Task item | Every line below must be given again exactly.

------------------------------------------------

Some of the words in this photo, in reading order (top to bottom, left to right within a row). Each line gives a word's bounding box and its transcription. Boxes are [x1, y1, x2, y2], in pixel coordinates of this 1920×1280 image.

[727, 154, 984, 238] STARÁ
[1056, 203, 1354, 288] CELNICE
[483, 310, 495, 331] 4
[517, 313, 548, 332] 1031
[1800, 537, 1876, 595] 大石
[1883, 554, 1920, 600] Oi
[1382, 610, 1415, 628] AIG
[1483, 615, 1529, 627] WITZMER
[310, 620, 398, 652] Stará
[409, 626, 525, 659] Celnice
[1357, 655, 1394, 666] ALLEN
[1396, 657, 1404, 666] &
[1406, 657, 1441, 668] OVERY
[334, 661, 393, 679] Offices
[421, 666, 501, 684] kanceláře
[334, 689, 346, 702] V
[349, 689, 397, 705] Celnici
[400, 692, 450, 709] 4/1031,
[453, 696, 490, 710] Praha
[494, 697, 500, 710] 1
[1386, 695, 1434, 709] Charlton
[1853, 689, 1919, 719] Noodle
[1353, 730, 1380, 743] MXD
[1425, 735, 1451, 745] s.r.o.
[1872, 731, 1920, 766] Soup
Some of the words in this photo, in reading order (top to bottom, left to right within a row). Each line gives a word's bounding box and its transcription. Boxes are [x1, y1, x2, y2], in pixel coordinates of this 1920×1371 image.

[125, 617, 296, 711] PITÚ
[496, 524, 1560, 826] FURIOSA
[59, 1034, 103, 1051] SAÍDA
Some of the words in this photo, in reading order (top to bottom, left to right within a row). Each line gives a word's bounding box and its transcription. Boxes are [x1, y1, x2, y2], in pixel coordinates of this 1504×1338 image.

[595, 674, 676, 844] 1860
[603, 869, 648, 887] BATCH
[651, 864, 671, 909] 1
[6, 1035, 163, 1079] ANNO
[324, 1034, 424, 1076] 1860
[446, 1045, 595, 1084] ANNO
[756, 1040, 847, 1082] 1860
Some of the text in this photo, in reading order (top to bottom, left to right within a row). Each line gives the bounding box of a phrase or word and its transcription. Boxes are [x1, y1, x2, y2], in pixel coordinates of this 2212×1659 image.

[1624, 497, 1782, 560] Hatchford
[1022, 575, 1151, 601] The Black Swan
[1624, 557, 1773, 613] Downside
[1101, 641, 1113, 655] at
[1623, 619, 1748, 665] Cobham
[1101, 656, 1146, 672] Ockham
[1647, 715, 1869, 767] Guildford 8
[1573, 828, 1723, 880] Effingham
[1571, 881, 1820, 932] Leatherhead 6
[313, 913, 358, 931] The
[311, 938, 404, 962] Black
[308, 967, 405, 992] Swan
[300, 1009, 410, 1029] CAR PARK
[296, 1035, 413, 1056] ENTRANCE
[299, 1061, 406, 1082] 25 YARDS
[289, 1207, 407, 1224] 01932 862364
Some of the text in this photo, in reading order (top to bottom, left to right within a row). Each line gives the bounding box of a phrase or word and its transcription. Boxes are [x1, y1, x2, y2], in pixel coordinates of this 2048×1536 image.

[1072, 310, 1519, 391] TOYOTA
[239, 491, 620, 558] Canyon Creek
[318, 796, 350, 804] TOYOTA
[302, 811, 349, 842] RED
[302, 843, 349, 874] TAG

------------------------------------------------

Task answer |
Some of the words in this photo, in reading order (top to bottom, left to right within a row). Each line gives a word's bounding box and its transcription. Boxes are [x1, y1, x2, y2], in pixel coordinates of this 1920×1280 image.

[727, 154, 984, 238] STARÁ
[1056, 203, 1354, 288] CELNICE
[483, 310, 495, 331] 4
[517, 313, 548, 332] 1031
[1800, 537, 1876, 595] 大石
[1883, 554, 1920, 600] Oi
[1382, 610, 1415, 628] AIG
[1483, 615, 1529, 627] WITZMER
[310, 620, 398, 652] Stará
[409, 626, 525, 659] Celnice
[1357, 655, 1394, 666] ALLEN
[1396, 657, 1404, 666] &
[1406, 657, 1441, 668] OVERY
[334, 661, 393, 679] Offices
[421, 666, 501, 684] kanceláře
[334, 689, 346, 702] V
[349, 689, 397, 705] Celnici
[400, 692, 450, 709] 4/1031,
[453, 696, 490, 710] Praha
[494, 697, 500, 710] 1
[1386, 695, 1434, 709] Charlton
[1853, 689, 1919, 719] Noodle
[1353, 730, 1380, 743] MXD
[1425, 735, 1451, 745] s.r.o.
[1872, 731, 1920, 766] Soup
Some of the words in this photo, in reading order (top to bottom, left to right within a row). Each line gives a word's bounding box and its transcription. Boxes are [x1, y1, x2, y2], in pixel coordinates of this 1920×1371 image.

[125, 617, 296, 711] PITÚ
[496, 524, 1560, 826] FURIOSA
[59, 1034, 103, 1051] SAÍDA
Some of the words in this photo, in reading order (top to bottom, left to right within a row). Each line gives a word's bounding box and its transcription. Boxes are [x1, y1, x2, y2], in pixel coordinates of this 1504×1338 image.

[595, 674, 676, 844] 1860
[603, 869, 648, 887] BATCH
[651, 864, 671, 909] 1
[6, 1035, 163, 1079] ANNO
[324, 1034, 424, 1076] 1860
[446, 1045, 595, 1084] ANNO
[756, 1040, 847, 1082] 1860
Some of the text in this photo, in reading order (top to bottom, left to right within a row). Each line gives the bounding box of a phrase or word and its transcription. Boxes are [x1, y1, x2, y2], in pixel coordinates of this 2212×1659 image.

[1624, 497, 1782, 560] Hatchford
[1022, 575, 1151, 601] The Black Swan
[1624, 557, 1773, 613] Downside
[1101, 641, 1113, 655] at
[1623, 619, 1748, 665] Cobham
[1101, 656, 1146, 672] Ockham
[1647, 715, 1869, 767] Guildford 8
[1573, 828, 1723, 880] Effingham
[1571, 881, 1820, 932] Leatherhead 6
[313, 913, 358, 931] The
[311, 938, 404, 962] Black
[308, 967, 405, 992] Swan
[300, 1009, 410, 1029] CAR PARK
[296, 1035, 413, 1056] ENTRANCE
[299, 1061, 406, 1082] 25 YARDS
[289, 1207, 407, 1224] 01932 862364
Some of the text in this photo, in reading order (top to bottom, left to right within a row). Each line gives the bounding box of a phrase or word and its transcription. Boxes are [x1, y1, x2, y2], in pixel coordinates of this 2048×1536 image.

[1072, 310, 1519, 391] TOYOTA
[239, 491, 620, 558] Canyon Creek
[318, 796, 350, 804] TOYOTA
[302, 811, 349, 842] RED
[302, 843, 349, 874] TAG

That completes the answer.